Ongoing studies are needed to understand if large-scale changes in oceanic conditions in the Southern Hemisphere associated with climate change and/or population expansion drive humpback whales to adapt to temporal and spatial variation in environmental conditions by using multiple different breeding or feeding habitats in different years. For example, two humpback whales from Breeding Stock G first photographed in Ecuador were found in the breeding grounds of stock A off the Abrolhos Bank, Brazil during El Nino years25. Similarly, humpback whales normally persistently present in the ASSO, were (acoustically) absent from the region during 5 El Nino years suggesting whales shifted migration patterns based on sea and prey conditions63. Also, six humpback whales from stock A were found in Western Antarctic Peninsula, in the feeding area of stock G11. Evidence is still too limited to know whether it was changes in oceanographic conditions, population growth or advances in photo-ID analysis techniques that made it possible to identify changes in the migratory movements of humpback whales.
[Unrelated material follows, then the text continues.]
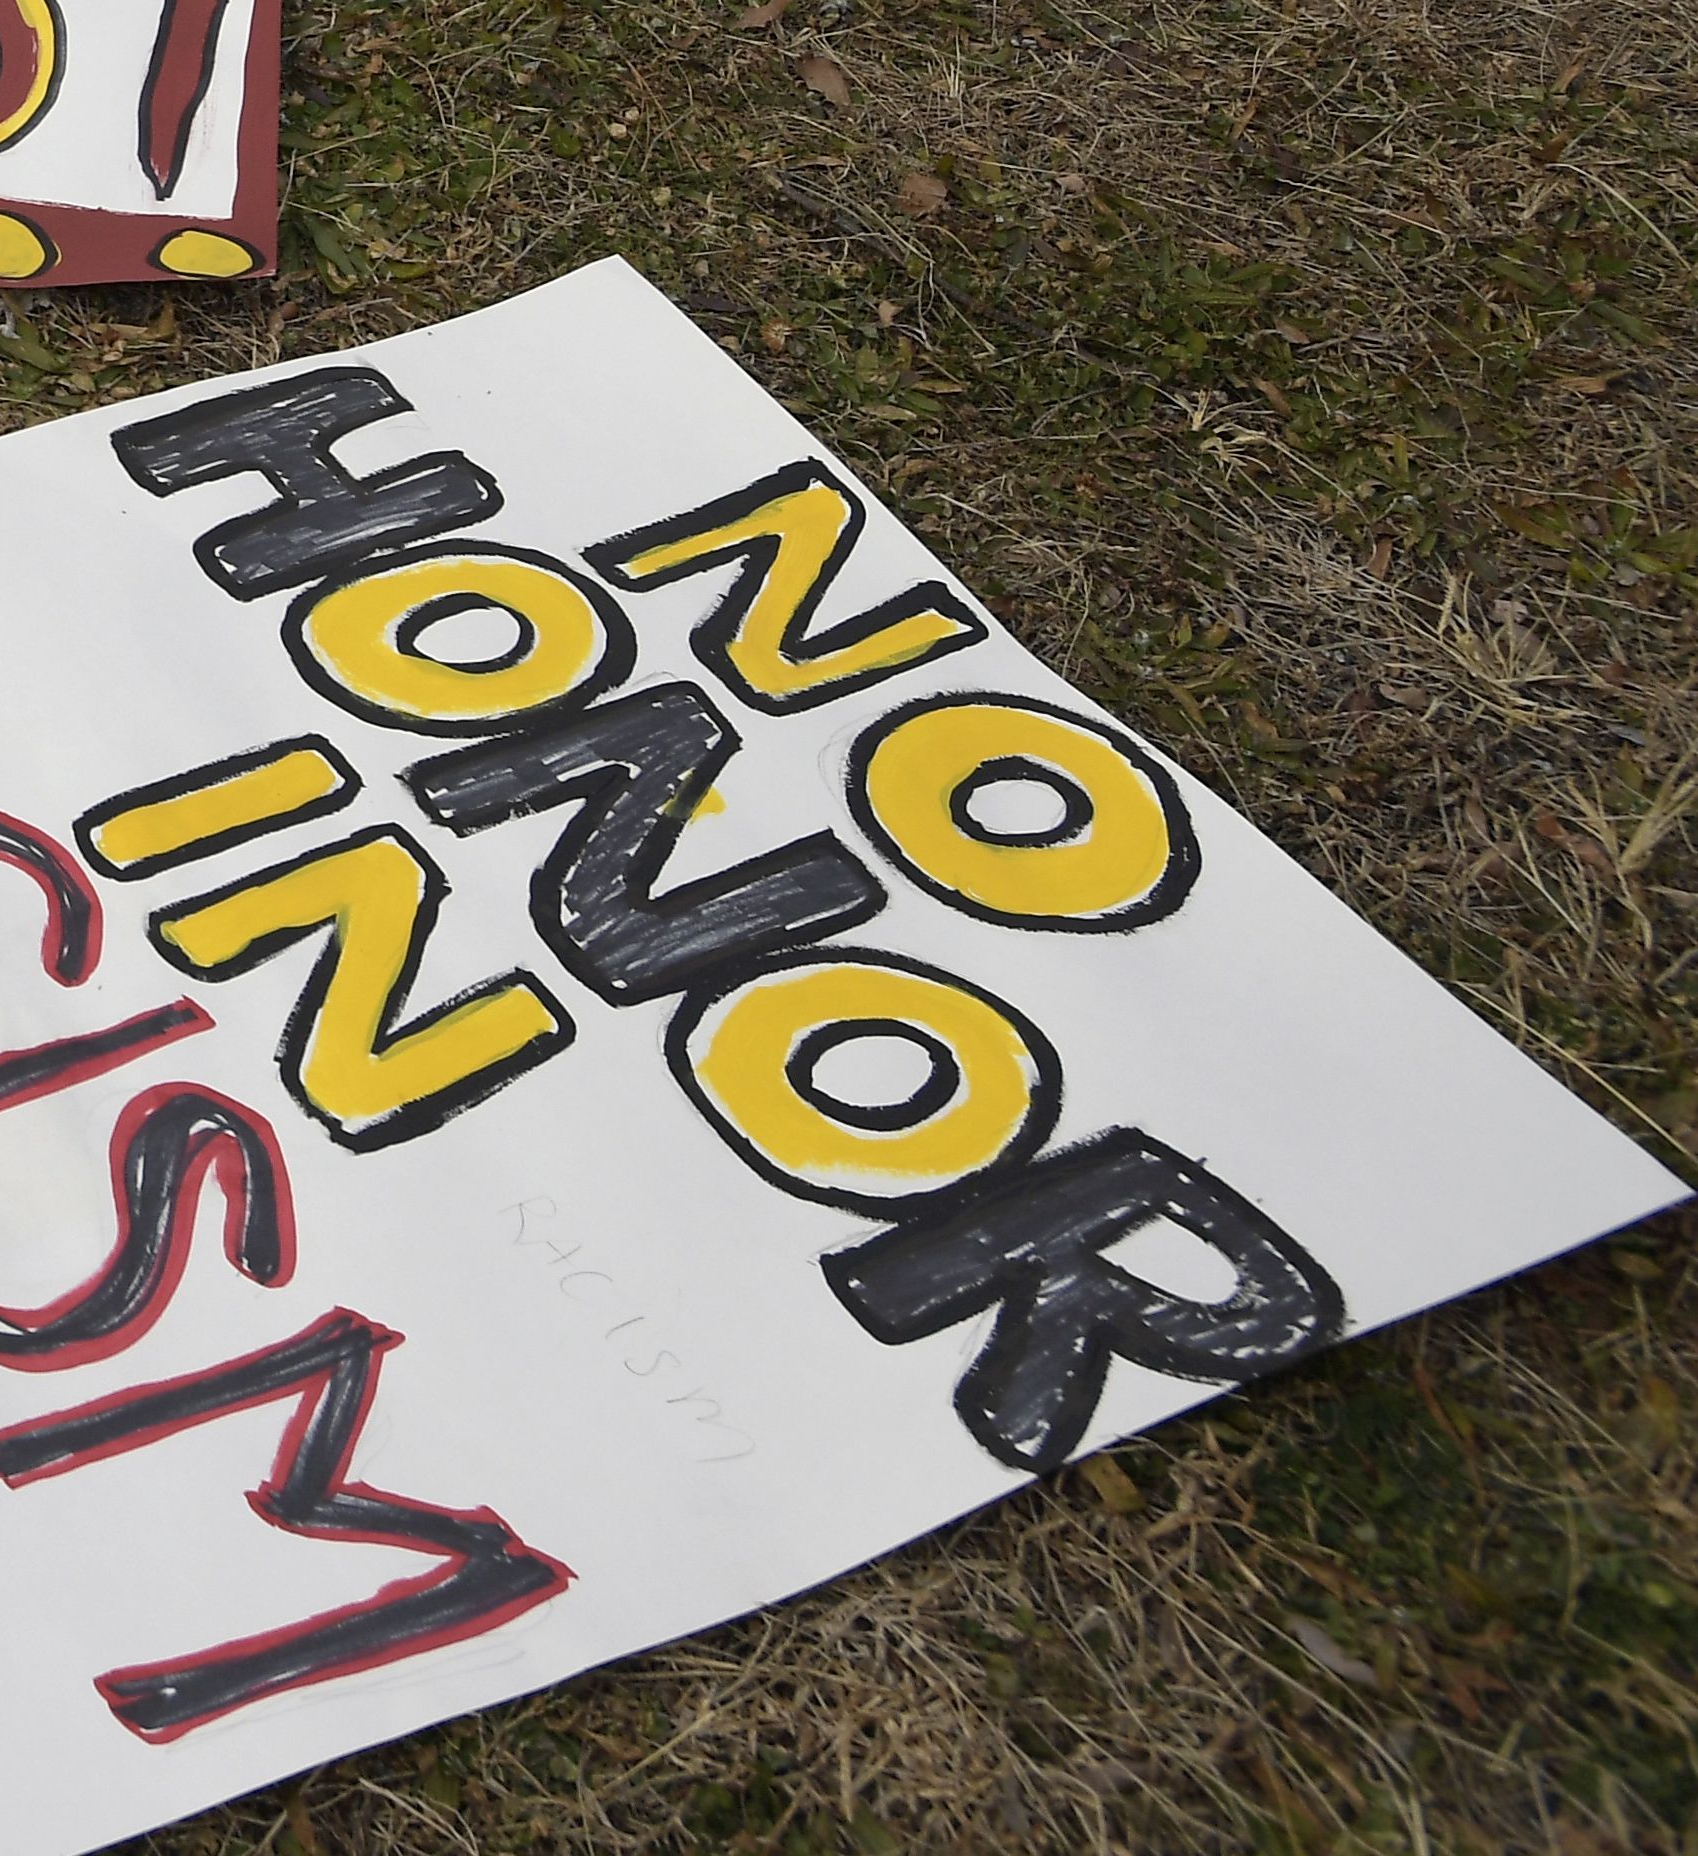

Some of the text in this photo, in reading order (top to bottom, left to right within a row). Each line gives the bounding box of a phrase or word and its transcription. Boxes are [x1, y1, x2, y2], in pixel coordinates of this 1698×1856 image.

[108, 365, 1347, 1478] HONOR
[598, 458, 1204, 936] NO
[74, 735, 576, 1154] IN
The migratory movements of humpback whales we report should be considered in estimates of abundance, stock boundaries, and local and regional management measures. Despite being based on a small number of whales, identification of these kinds of exchanges reinforce the importance of international cooperation to the conservancy of whales. This connection across the South Atlantic supports proposals of a South Atlantic Whale Sanctuary (SAWS) by Brazil and South Africa to the IWC64 and should stimulate more collaborative efforts of countries that share the South Atlantic Ocean. It also informs the Convention of Migratory Species (CMS) on humpback whale exchanges across stocks previously unidentified in the scientific literature, as for example, in seabirds65. Future work integrating regional photo-ID and genetic information on humpback whale populations with existing global datasets will improve our ability to detect these kinds of exchanges and to determine if their frequency is increasing or an artefact of increased research efforts and the development of tools to detect exchanges.

Conclusions

Studying large-scale movements of megafauna populations crossing entire ocean basins is logistically very challenging and requires a combination of multiple methods, long-term studies, and a high degree of collaboration. Our findings provide additional support for the strength of collaborations between groups responsible for long-term photo-ID efforts in different regions to identify connections between humpback whale populations previously believed to be distinct. To our knowledge, this is the first comprehensive analysis of individual humpback whale movements across multiple locations in the South Atlantic Ocean, based on photographic mark-recapture of whale flukes. The availability of automated identification of individuals from thousands of whale fluke images has significantly improved the ability to rapidly identify whales and match those to global data sets within seconds. This ease of use and the open access nature of Happywhale has significantly increased the pool of potential data providers to these studies, extending photo-ID from a niche tool exclusive to scientific researchers, to allow for easy inclusion of opportunistic data from commercial whale-watching companies and citizen scientists66. The range of tools and information currently available is providing substantial insights into the population structure and degree of movements between recovering populations of whales and can give light into potential changes in their distribution and migration over time.